Gangliosides are another class of lipids involved in human disease states. Meat eaters and milk drinkers, including the human neonate, consume small amounts of these, but I had not realized that they had an influence upon human metabolism as dietary constituents. After all they are catabolized in intestinal tissues with release of their lipid and carbohydrate constituents. However, it appears that the sialic acid residues are re-utilized for ganglioside synthesis within tissues, and in particular that N-glycolylneuraminic acid (Neu5Gc), not normally found in human tissues, is used for ganglioside synthesis in some cancers. Now there is evidence that dietary control can regulate the expression levels of gangliosides in tissues, and it is hoped that this may helpful in treating ganglioside-related diseases (Okuda, T. Dietary control of ganglioside expression in mammalian tissues. Int. J. Mol. Sci., 21, 177 (2020); DOI - open access).
If you are stuck at home in isolation because of Covid-19, why not spend a little time browsing through the Lipid Essentials pages (and other web pages) on this site. I am always grateful for feedback - suggestions for improvements, correction of errors, etc - as these pages are not peer reviewed, and like all humankind I am fallible.
March 11th, 2020
I can heartily recommend the personal reflections of Professor Sarah Spiegel (My journey with sphingosine-1-phosphate) that have just been published (Spiegel, S. Sphingosine-1-phosphate: From insipid lipid to a key regulator. J. Biol. Chem., 295, 3371-3384 (2020); DOI - open access). Aside from being a remarkable account of the discovery of the manifold functions of this key lipid, which has inspired countless new research efforts, it is an enlightening story of how physical and personal difficulties were overcome to accomplish so much seminal work. Reading it caused me to reflect on how women in science have fared during my own research career. At high school in the 1950s, I only encountered two female teachers, who were both unmarried (then the norm), while girls were subtly directed away from the sciences. At University, I was never taught any course by a female lecturer/professor, and in my subsequent post-doctoral research at the Hormel Institute in Minnesota there were no female staff in tenured positions. This was also true for senior positions in my first permanent post at the Hannah Research Institute until the late 1970s. I am not in a position to judge now whether we have a truly level playing field in employment, and I don't suppose that we will be able to make such a judgment until we can discuss someone's research career without making an important issue of their gender.

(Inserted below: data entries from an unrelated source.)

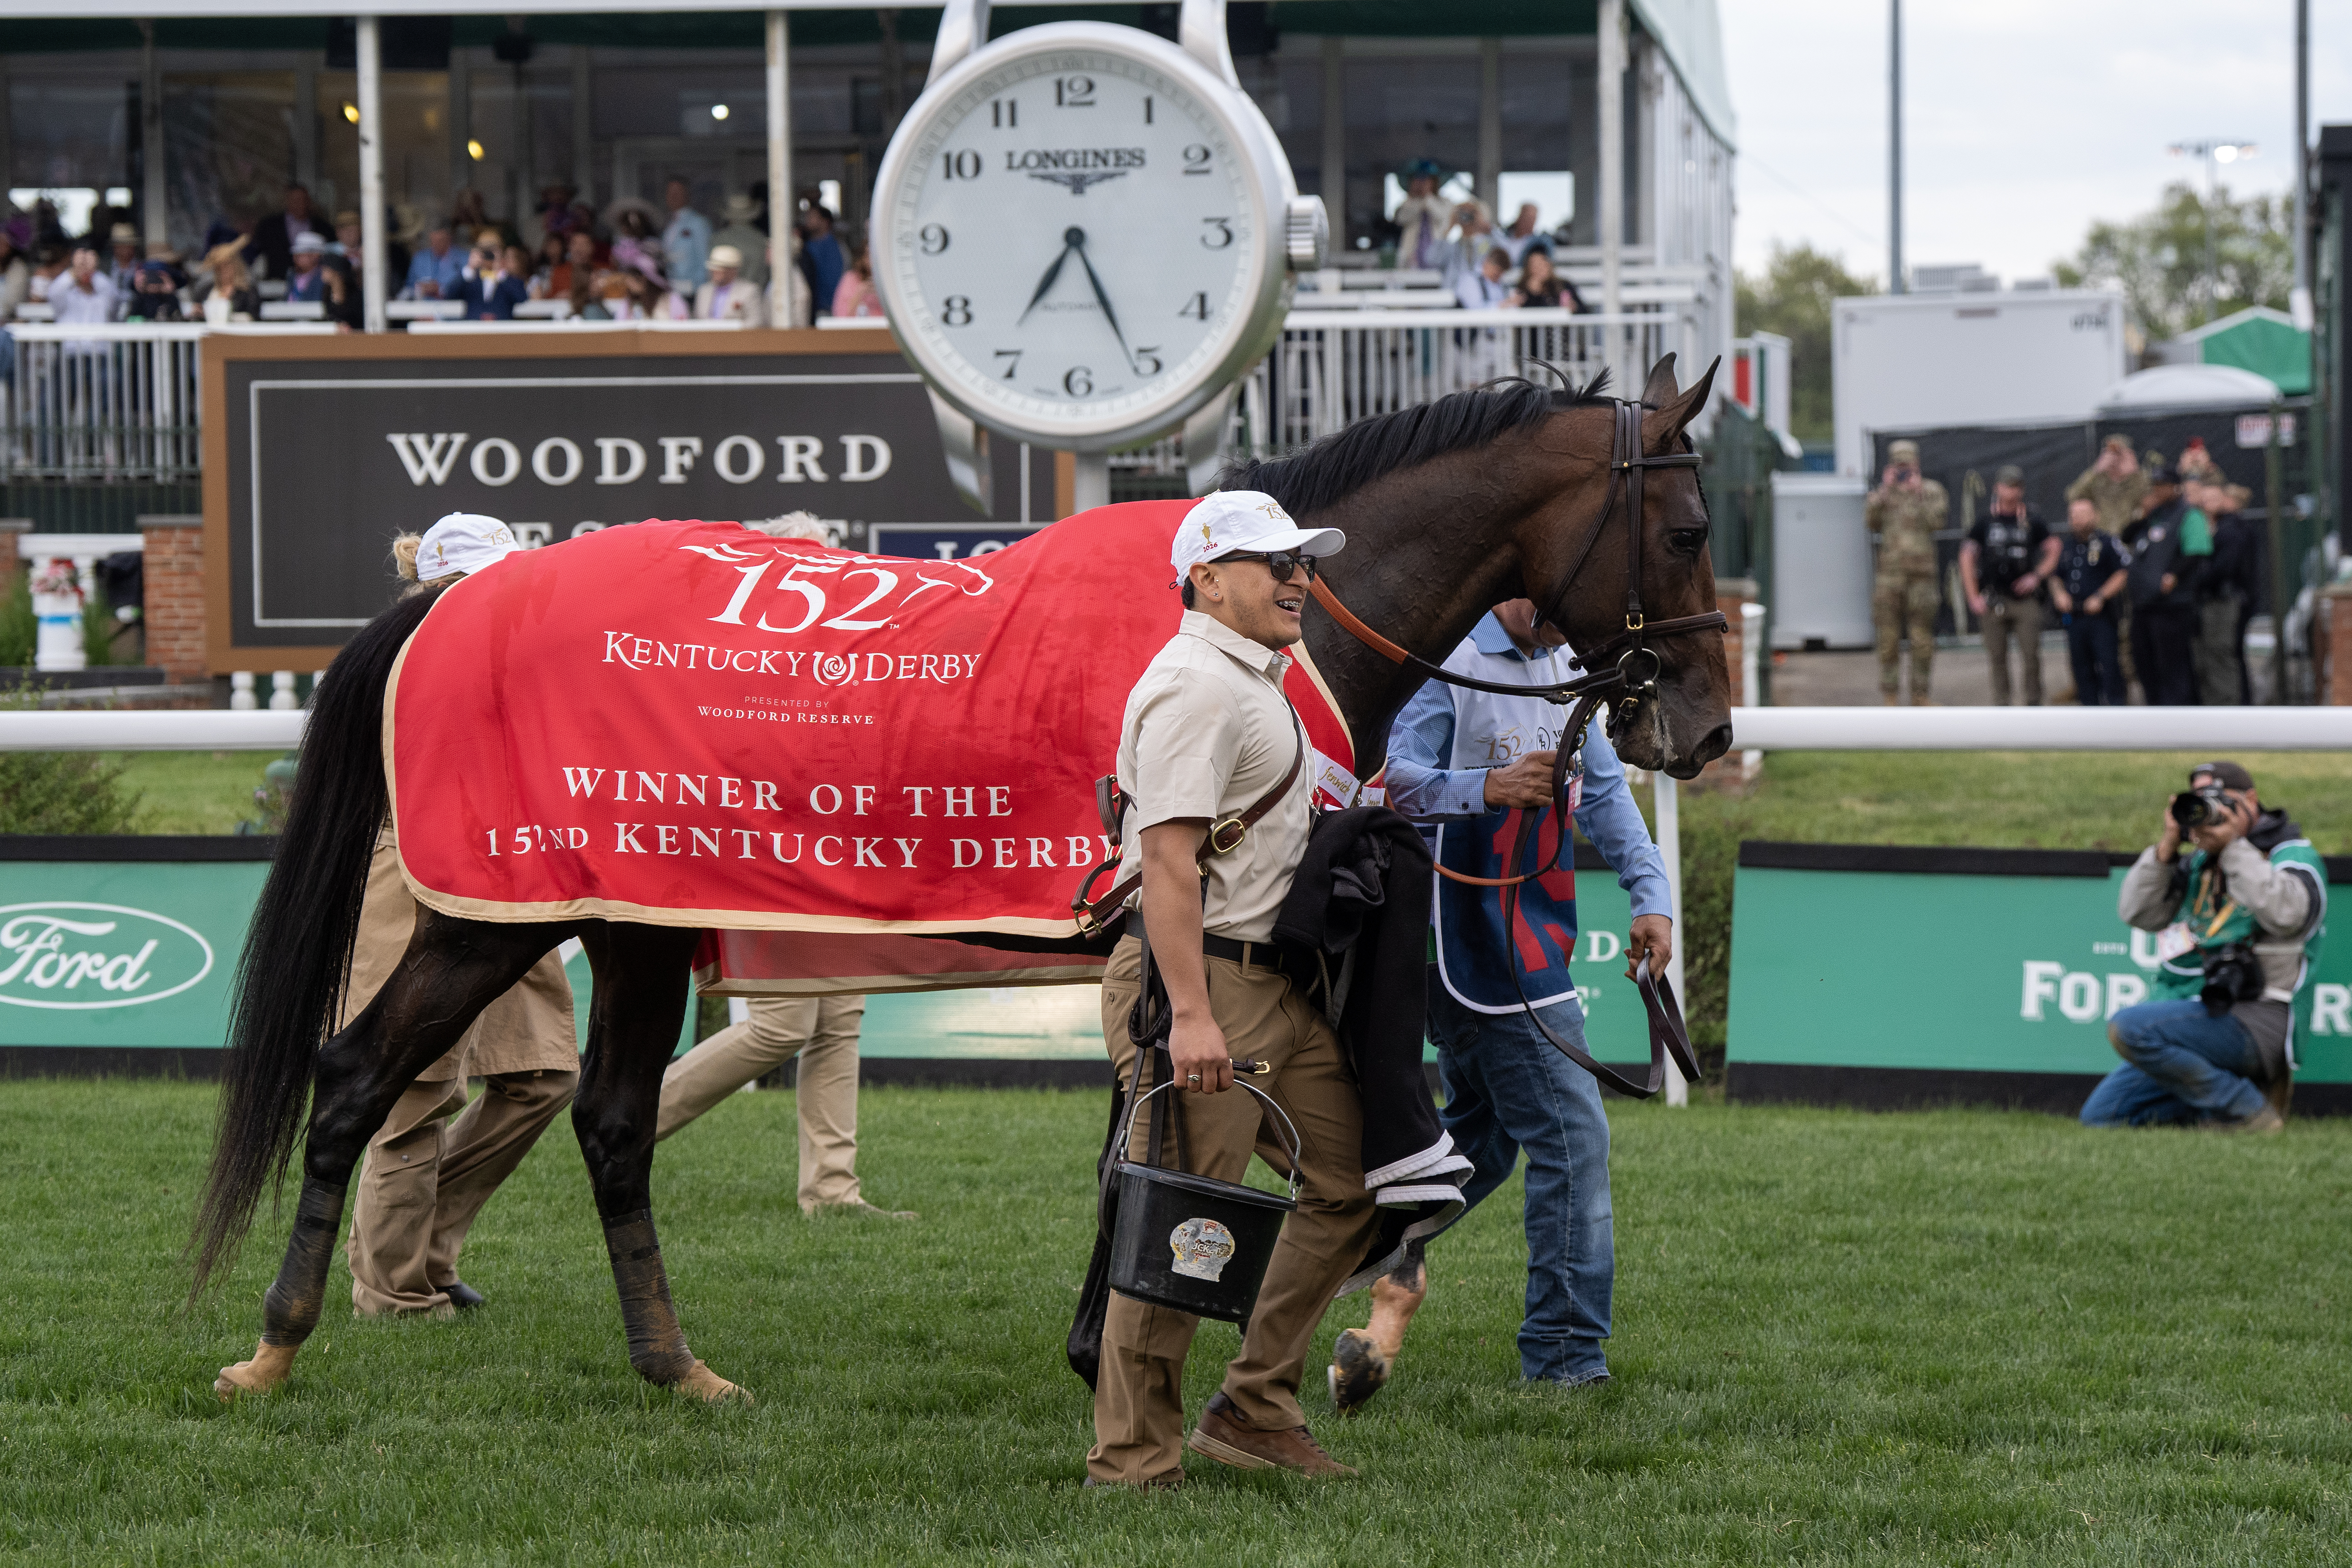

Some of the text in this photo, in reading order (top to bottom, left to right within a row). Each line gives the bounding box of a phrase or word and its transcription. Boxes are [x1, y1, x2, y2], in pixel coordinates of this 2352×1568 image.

[1054, 77, 1096, 108] 12
[990, 98, 1018, 129] 11
[1143, 95, 1155, 125] 1
[943, 150, 982, 181] 10
[1006, 148, 1147, 171] LONGINES
[1181, 144, 1212, 176] 2
[919, 222, 950, 256] 9
[1200, 217, 1234, 250] 3
[940, 295, 975, 327] 8
[1178, 291, 1214, 323] 4
[993, 348, 1023, 380] 7
[1134, 346, 1164, 377] 5
[1063, 366, 1094, 398] 6
[386, 433, 892, 486] WOODFORD
[1203, 542, 1218, 552] 2026
[707, 559, 893, 634] 152
[602, 630, 982, 685] KENTUCKY DERBY
[697, 705, 874, 725] WOODFORD RESERVE
[744, 696, 830, 708] PRESENTED BY
[1485, 735, 1522, 761] 152
[562, 766, 1013, 818] WINNER OF THE
[613, 822, 923, 868] KENTUCKY
[0, 915, 159, 992] Ford

Incidentally, I also encountered a new review from Spiegel's laboratory on sphingosine-1-phosphate and cancer (Singh, S.K. and Spiegel, S. Sphingosine-1-phosphate signaling: A novel target for simultaneous adjuvant treatment of triple negative breast cancer and chemotherapy-induced neuropathic pain. Adv. Biol. Regul., 75, 100670 (2020); DOI - open access).

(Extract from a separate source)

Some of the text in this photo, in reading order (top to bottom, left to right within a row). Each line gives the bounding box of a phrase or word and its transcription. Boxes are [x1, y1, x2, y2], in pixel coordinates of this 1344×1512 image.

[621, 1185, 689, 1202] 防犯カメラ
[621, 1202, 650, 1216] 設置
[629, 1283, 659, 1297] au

Improved analytical methodology invariably leads to novel biological findings, and a new mass spectrometric technique applied to the much-studied gangliosides of human brain has revealed many novel molecular species, including those with up to seven sialylations, and with O-fucosylations and O-acetylations (Ica, R. et al. Orbitrap mass spectrometry for monitoring the ganglioside pattern in human cerebellum development and aging. J. Mass Spectrom., e4502 in press (2020); DOI.
Two books on lipid biochemical topics have been published by Springer for those with access (not me) - Bioactive Ceramides In Health And Disease: Intertwined Roles Of Enigmatic Lipids. (Ed.: Stiban, J.), Adv. Exp. Med. Biol., Vol. 1159 (2019); and Role Of Bioactive Lipids In Cancer, Inflammation And Related Diseases (Eds.: Honn, K.V. and Zeldin, D.C.), Adv. Exp. Med. Biol., Vol. 1161 (2019).
March 4th, 2020
One of the key unknowns regarding plasmalogen biosynthesis has been identification of the enzyme responsible for introducing the double bond into position 1 of the alkyl chain. This has at last been identified as the orphan human protein designated TMEM189, following the identification of an analogous enzyme in bacteria (Gallego-Garcia, A. et al. A bacterial light response reveals an orphan desaturase for human plasmalogen synthesis. Science, 366, 128-132 (2019); DOI). Now this opens the way to learning much more of the functions of plasmalogens in tissues. While they may have roles in membrane organization, signalling, and as antioxidants, my impression in that the data in some areas are not as solid as they could be.
I was also greatly interested in a lipidomics paper dealing with ether lipids that show appreciable differences in the nature and concentrations of specific alkyl and alkenyl ethers between centenarians and other age groups (Pradas, I. et al. Exceptional human longevity is associated with a specific plasma phenotype of ether lipids. Redox Biology, 21, 101127 (2019); DOI). Unfortunately, there does not appear to be any way that I can use this information to my advantage to guarantee another 20 years of this blog.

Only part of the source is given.